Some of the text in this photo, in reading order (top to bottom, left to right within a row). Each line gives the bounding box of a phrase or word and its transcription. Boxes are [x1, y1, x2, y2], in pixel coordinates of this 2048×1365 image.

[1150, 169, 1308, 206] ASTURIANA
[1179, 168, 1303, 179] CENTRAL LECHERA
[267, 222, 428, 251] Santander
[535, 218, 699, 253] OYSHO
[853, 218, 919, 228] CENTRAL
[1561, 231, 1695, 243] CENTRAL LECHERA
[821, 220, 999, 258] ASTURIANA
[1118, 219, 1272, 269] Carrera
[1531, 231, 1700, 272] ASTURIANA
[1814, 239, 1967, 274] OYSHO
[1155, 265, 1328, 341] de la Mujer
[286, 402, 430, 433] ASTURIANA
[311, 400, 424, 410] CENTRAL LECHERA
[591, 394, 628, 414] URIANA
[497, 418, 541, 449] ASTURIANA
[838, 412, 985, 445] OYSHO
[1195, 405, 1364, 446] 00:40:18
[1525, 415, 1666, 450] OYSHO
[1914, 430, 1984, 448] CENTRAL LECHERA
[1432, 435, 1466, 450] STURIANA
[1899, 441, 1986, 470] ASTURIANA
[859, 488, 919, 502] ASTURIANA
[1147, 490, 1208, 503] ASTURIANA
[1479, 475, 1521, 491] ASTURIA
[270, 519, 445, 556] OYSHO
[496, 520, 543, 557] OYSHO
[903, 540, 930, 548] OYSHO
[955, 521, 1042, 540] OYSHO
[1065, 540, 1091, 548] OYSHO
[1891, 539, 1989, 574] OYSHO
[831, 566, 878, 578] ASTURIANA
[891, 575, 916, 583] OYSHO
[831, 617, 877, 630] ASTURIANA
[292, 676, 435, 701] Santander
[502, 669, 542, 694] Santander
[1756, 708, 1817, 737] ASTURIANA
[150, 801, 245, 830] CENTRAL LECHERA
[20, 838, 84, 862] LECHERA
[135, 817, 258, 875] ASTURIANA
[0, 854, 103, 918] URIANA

⁂

All of the records shown above should be reproduced exactly.

Some of the text in this photo, in reading order (top to bottom, left to right within a row). Each line gives the bounding box of a phrase or word and its transcription. Boxes are [x1, y1, x2, y2], in pixel coordinates of this 2048×1365 image.

[1150, 169, 1308, 206] ASTURIANA
[1179, 168, 1303, 179] CENTRAL LECHERA
[267, 222, 428, 251] Santander
[535, 218, 699, 253] OYSHO
[853, 218, 919, 228] CENTRAL
[1561, 231, 1695, 243] CENTRAL LECHERA
[821, 220, 999, 258] ASTURIANA
[1118, 219, 1272, 269] Carrera
[1531, 231, 1700, 272] ASTURIANA
[1814, 239, 1967, 274] OYSHO
[1155, 265, 1328, 341] de la Mujer
[286, 402, 430, 433] ASTURIANA
[311, 400, 424, 410] CENTRAL LECHERA
[591, 394, 628, 414] URIANA
[497, 418, 541, 449] ASTURIANA
[838, 412, 985, 445] OYSHO
[1195, 405, 1364, 446] 00:40:18
[1525, 415, 1666, 450] OYSHO
[1914, 430, 1984, 448] CENTRAL LECHERA
[1432, 435, 1466, 450] STURIANA
[1899, 441, 1986, 470] ASTURIANA
[859, 488, 919, 502] ASTURIANA
[1147, 490, 1208, 503] ASTURIANA
[1479, 475, 1521, 491] ASTURIA
[270, 519, 445, 556] OYSHO
[496, 520, 543, 557] OYSHO
[903, 540, 930, 548] OYSHO
[955, 521, 1042, 540] OYSHO
[1065, 540, 1091, 548] OYSHO
[1891, 539, 1989, 574] OYSHO
[831, 566, 878, 578] ASTURIANA
[891, 575, 916, 583] OYSHO
[831, 617, 877, 630] ASTURIANA
[292, 676, 435, 701] Santander
[502, 669, 542, 694] Santander
[1756, 708, 1817, 737] ASTURIANA
[150, 801, 245, 830] CENTRAL LECHERA
[20, 838, 84, 862] LECHERA
[135, 817, 258, 875] ASTURIANA
[0, 854, 103, 918] URIANA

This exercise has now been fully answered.